FAMILY COURT OF AUSTRALIA AT MELBOURNE

FILE NUMBER: MLF 8005 of 1997

MR HORTON

Applicant

And

MRS HORTON

Respondent

And

INDEPDENT CHILDREN’S LAWYER

EX TEMPORE REASONS FOR JUDGMENT

  1. The matter before me concerns a child, M, born in November 1995, who is now 11 years old.  She is also known by the nickname by her father of D.

  2. Although - as it will emerge from these reasons - what I am dealing with is an interim application and the issues are fairly narrow, the context provided by the background needs to be understood; and for that reason, it is necessary for me to detail some of the background.

  3. The matter was the subject of a final hearing before Bennett J in the Albury circuit between 21 and 31 August 2006.  Her Honour delivered reasons for judgment on 27 October 2006.  The reasons comprise 128 pages and 309 paragraphs.  They reflect the complex issues before Bennett J which led her to make the orders she made on 31 August 2006.  Those orders will appear in my judgment, but I don't intend to go through them all now.  The main effect of the orders, however, was that M, who had been previously living with her father, was placed into her mother's care and a residence order in favour of her mother was made, and there were some orders which were for contact but no contact was to take place for a specified period.

  4. It is difficult to summarise in short compass the history and background to the proceedings, but I will try to do justice to the reasons for judgment of Bennett J, albeit in summary form. 

  5. Her Honour indicated in paragraph 3 what the wife's case was:  that is, that she wanted M to live with her in Adelaide, and by the end of the evidence she was seeking that there be a moratorium of six months during which time the husband spend no time with M, followed by communication and time on a strictly supervised basis.  M had been living with her father prior to that time in a small NSW town, and as a result of Bennett J's orders moved to live with her mother in Adelaide. 

  6. A great deal of the judgment involved Bennett J making findings of fact about the many allegations raised by both parties, but particularly by the husband.  It does no justice to the detailed findings but is accurate to say that her Honour found the husband not to be a credible witness and declined to accept his evidence unless corroborated or uncontentious.

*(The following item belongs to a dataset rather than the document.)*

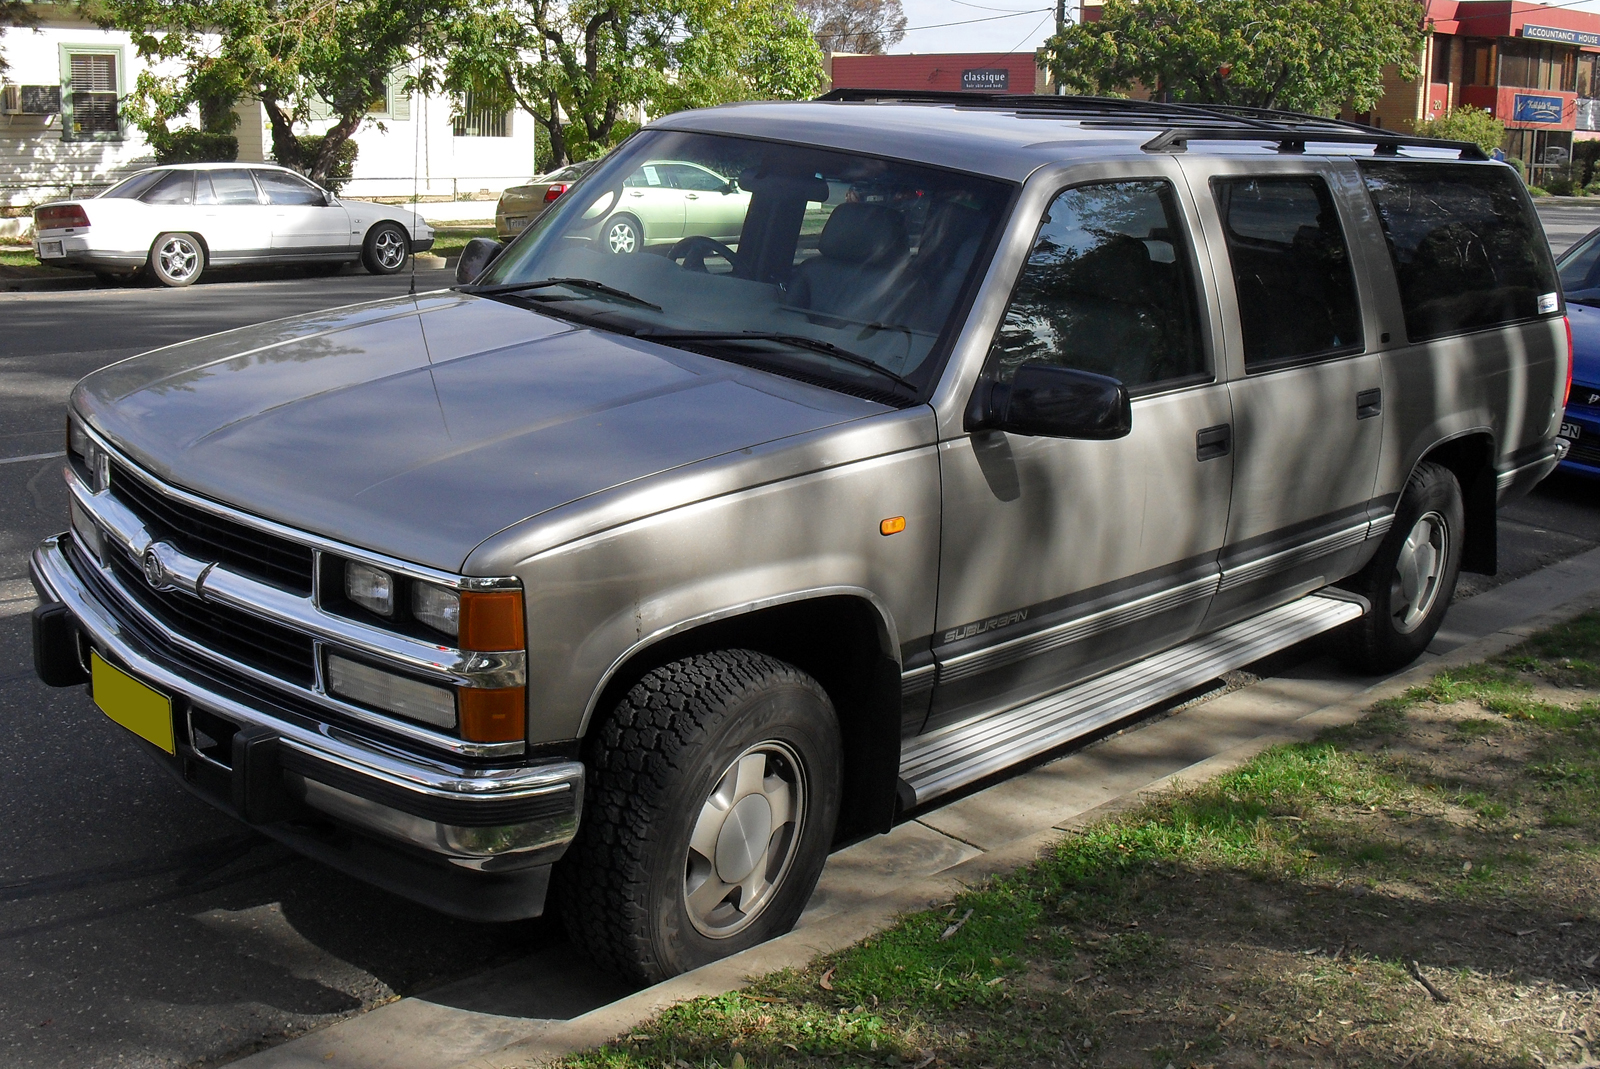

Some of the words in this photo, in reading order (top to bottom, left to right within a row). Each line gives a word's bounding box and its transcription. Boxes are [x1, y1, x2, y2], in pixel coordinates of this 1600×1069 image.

  7. It is fair to the husband I think to say that he rejects the findings of Bennett J both in relation to findings of fact and conclusions that her Honour ultimately came to.  He also rejects the findings and conclusions of the single expert, Dr W, by whose evidence her Honour was influenced.  He filed a notice of appeal which, for various reasons, he did not prosecute; and he appeared before Kay J on 15 December 2006 seeking to have his notice of appeal reinstated.  His Honour did reinstate the appeal, but noted and advised the husband that in view of the fact that the child M was by then living with him, that he might better pursue a course designed to revisit the orders of Bennett J rather than to appeal against them.

  8. The husband is 66 years old.  He is a farmer and previously worked as a shearer.  At the time of the hearing before Bennett J he was in receipt of an aged pension and an income-tested pension for M.  He was previously married.  Following separation in January 2005 to the time of the hearing before Bennett J, M had been living with the husband at a small NSW town.  The wife was born in the Philippines and is 43.  She arrived in Australia in 1992.  The husband and wife were married in September 1992.  This was her first marriage.

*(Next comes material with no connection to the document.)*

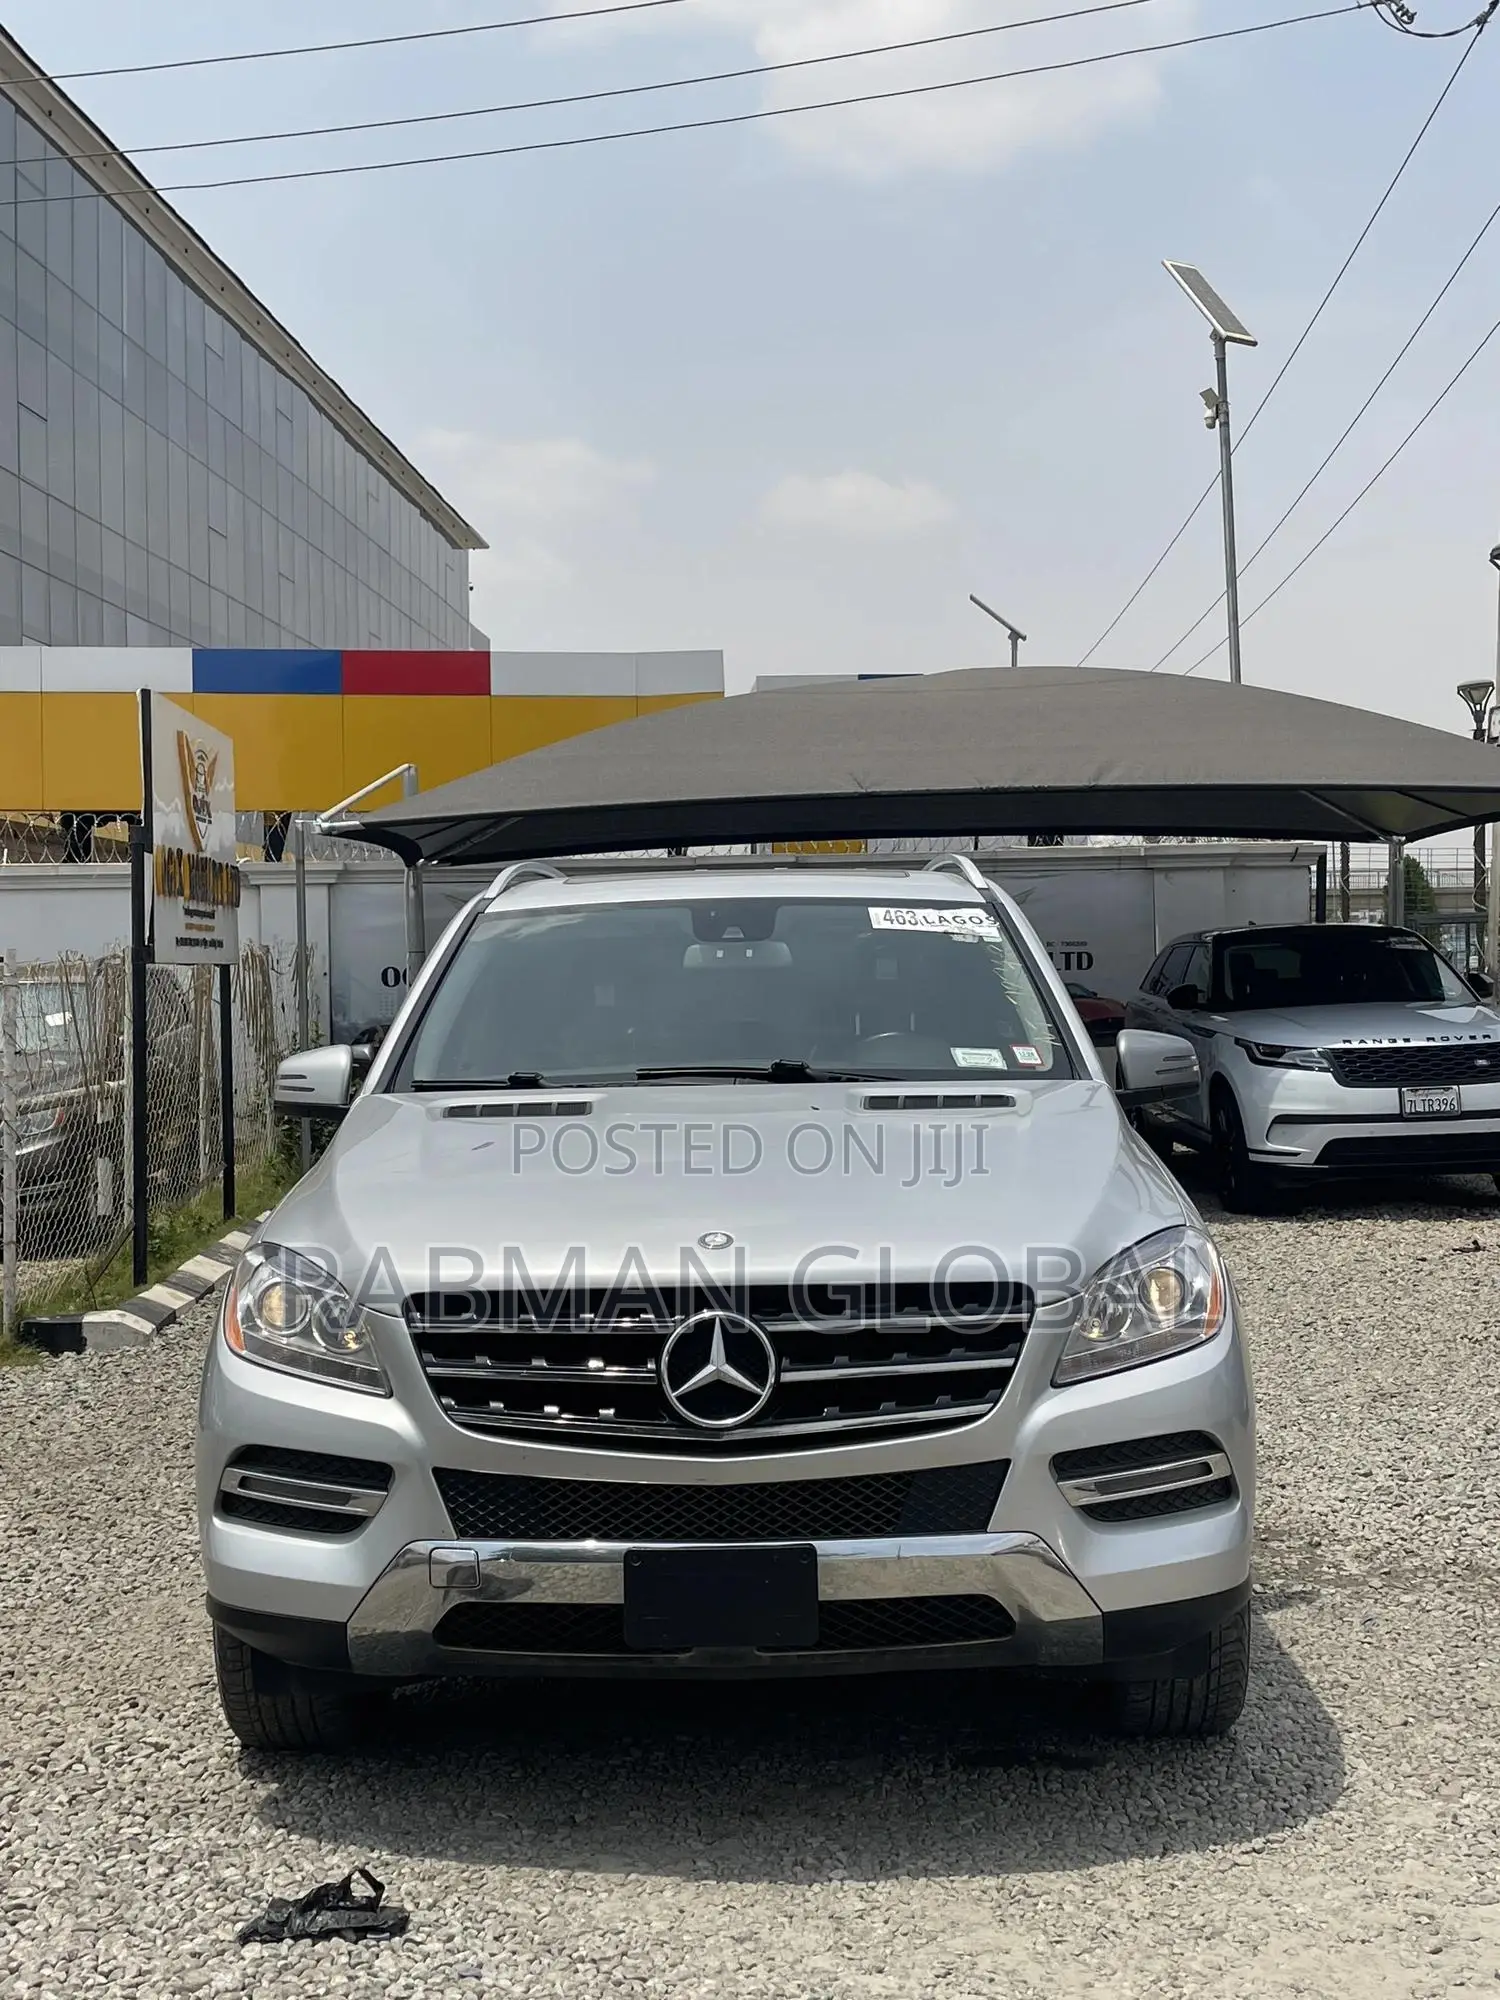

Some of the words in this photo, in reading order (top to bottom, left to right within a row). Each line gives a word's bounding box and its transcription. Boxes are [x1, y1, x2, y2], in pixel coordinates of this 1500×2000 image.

[883, 909, 919, 926] 463
[1342, 1037, 1411, 1045] RANGE
[1426, 1034, 1492, 1043] ROVER
[1407, 1097, 1456, 1114] 7LTR396

  9. At the time of the hearing before Bennett J, the wife was living in Adelaide in accommodation rented from an organisation assisting people affected by domestic violence.  She has been diagnosed as having bipolar disorder.  Between separation and the time of the hearing, the only time the wife had spent with M was for assessment interviews for the report of the single expert child psychiatrist, Dr W. 

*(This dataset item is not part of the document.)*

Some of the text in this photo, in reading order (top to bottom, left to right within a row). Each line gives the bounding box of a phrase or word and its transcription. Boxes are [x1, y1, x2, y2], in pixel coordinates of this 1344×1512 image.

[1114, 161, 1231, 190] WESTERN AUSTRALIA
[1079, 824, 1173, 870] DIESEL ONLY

  10. The many serious allegations made by the husband were not found to be proved on the balance of probabilities by her Honour.  The allegations themselves and the husband’s behaviour, particularly confronting M with allegations that he was making against the wife - especially an allegation that M’s uncle had anal sex with her mother in the home in which at that stage M and the husband were, and alleged abuse of M - were of significant concern to her Honour.  She observed at paragraph 145 of her reasons that she was satisfied that the husband had introduced M to information and imagery about adult sexual matters which were entirely inappropriate for her age, and that he had no remorse of insight. 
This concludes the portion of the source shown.